Photoinduced Electron Transfer in Axially Coordinated Supramolecular Zinc Tetrapyrrole Bis(styryl)BODIPY Donor-Acceptor Conjugates

Photoinduced electron transfer (PET) in newly assembled dyads formed via metal-ligand axial coordination of phenylimidazole-functionalized bis(styryl)BODIPY (BODIPY(Im)₂) and zinc tetrapyrroles, that is, zinc tetratolylporphyrin (ZnP), zinc tetra-t-butyl phthalocyanine (ZnPc) and zinc tetra-t-butyl naphthalocyanine (ZnNc), in non-coordinating o-dichlorobenzene (DCB) is investigated using both steady-state and time-resolved transient absorption techniques. The structure of the BODIPY(Im)₂ was identified by using single crystal X-ray structural analysis. The newly formed supramolecular dyads were fully characterized by spectroscopic, computational and electrochemical methods. The binding constants measured from optical absorption spectral studies were in the range of ∼10⁴ M⁻¹ for the first zinc tetrapyrrole binding and suggested that the two imidazole entities of bis(styryl)BODIPY behave independently in the binding process.

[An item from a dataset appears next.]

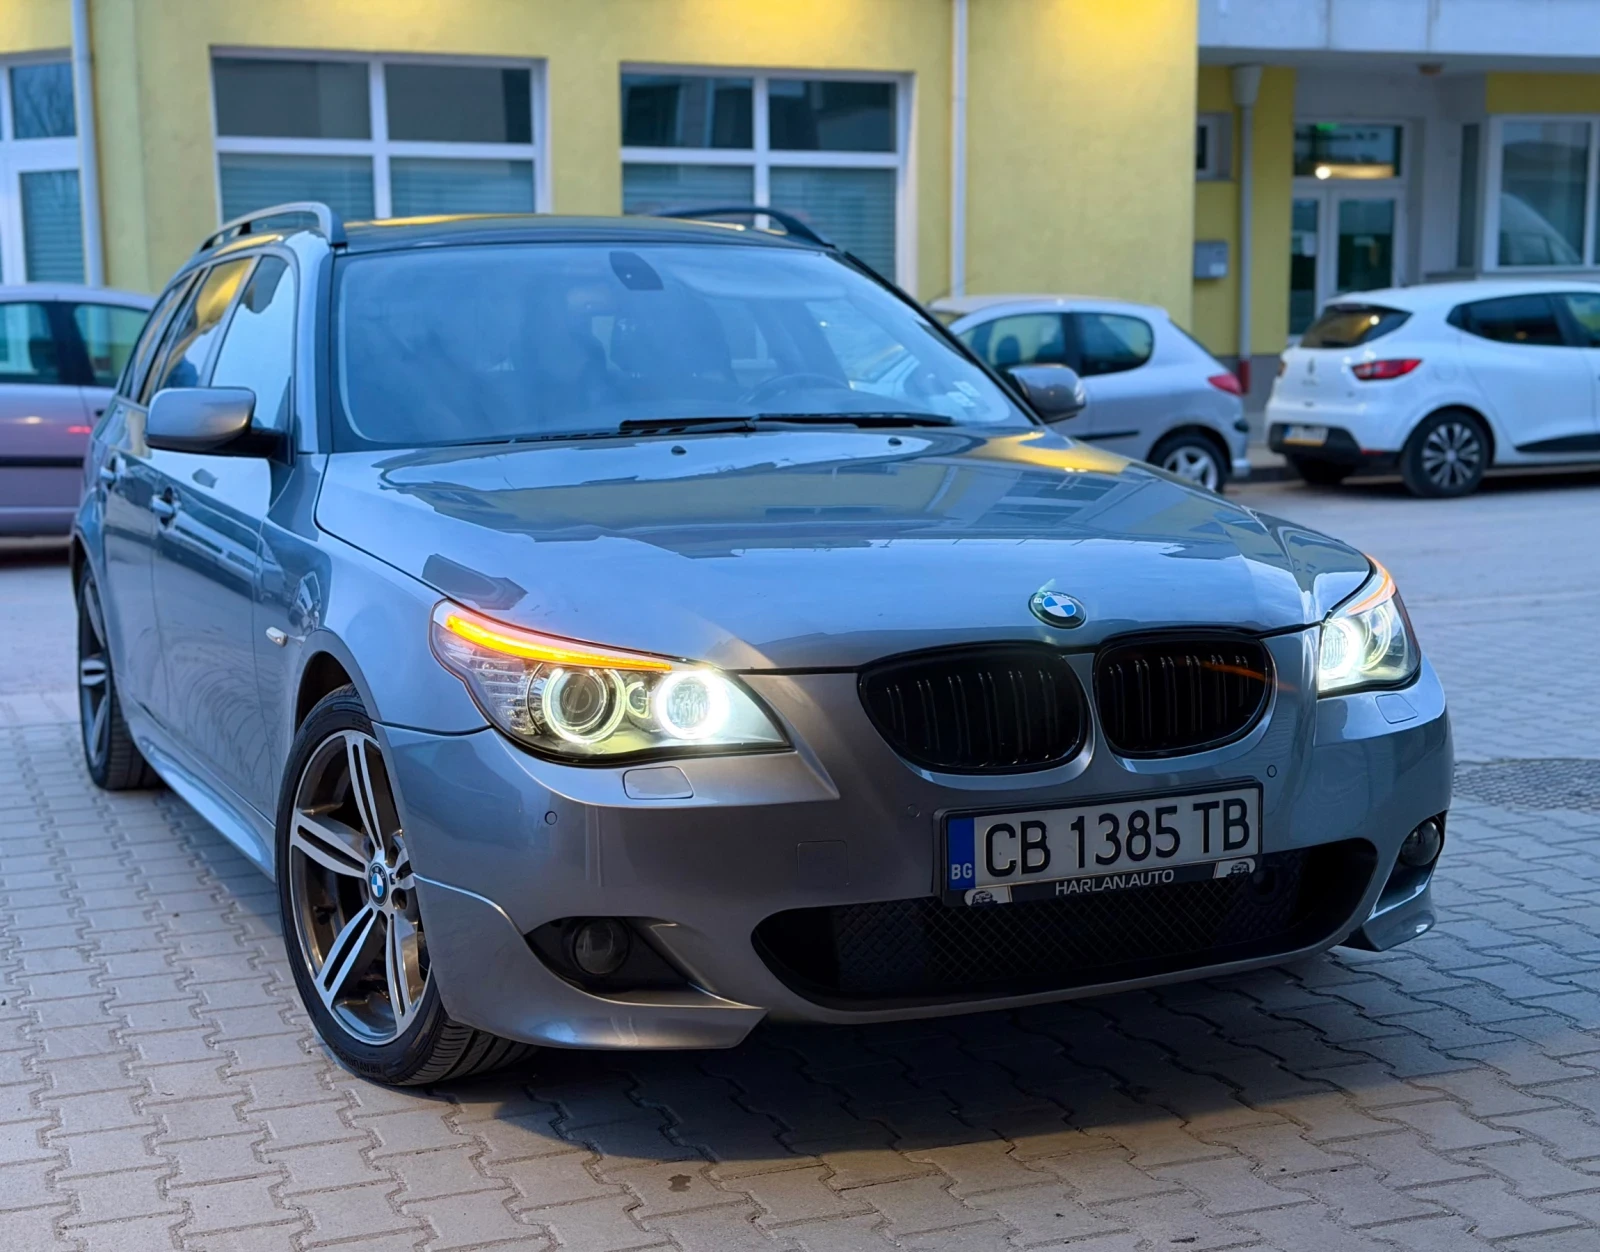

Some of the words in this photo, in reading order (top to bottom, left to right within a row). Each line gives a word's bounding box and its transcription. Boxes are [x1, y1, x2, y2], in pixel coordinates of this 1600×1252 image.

The energy level diagram established using spectral and electrochemical studies suggested PET to be thermodynamically unfavorable in the ZnP-bearing complex while for ZnPc- and ZnNc-bearing complexes such a process is possible when zinc tetrapyrrole is selectively excited. Consequently, occurrence of efficient PET in the latter two dyads was possible to establish from femtosecond transient absorption studies wherein the electron transfer products, that is, the radical cation of zinc tetrapyrrole and the radical anion of BODIPY(Im)₂, was possible to spectrally identify. From target analysis of the transient data, time constants of circa 3 ns for ZnPc^⋅+:BODIPY⋅⁻ and circa 0.5 ns for ZnNc⋅⁺:BODIPY⋅⁻ were obtained indicating persistence of the radical ion-pair to some extent. The electron acceptor property of bis(styryl)BODIPY in donor-acceptor conjugates is borne out from the present study.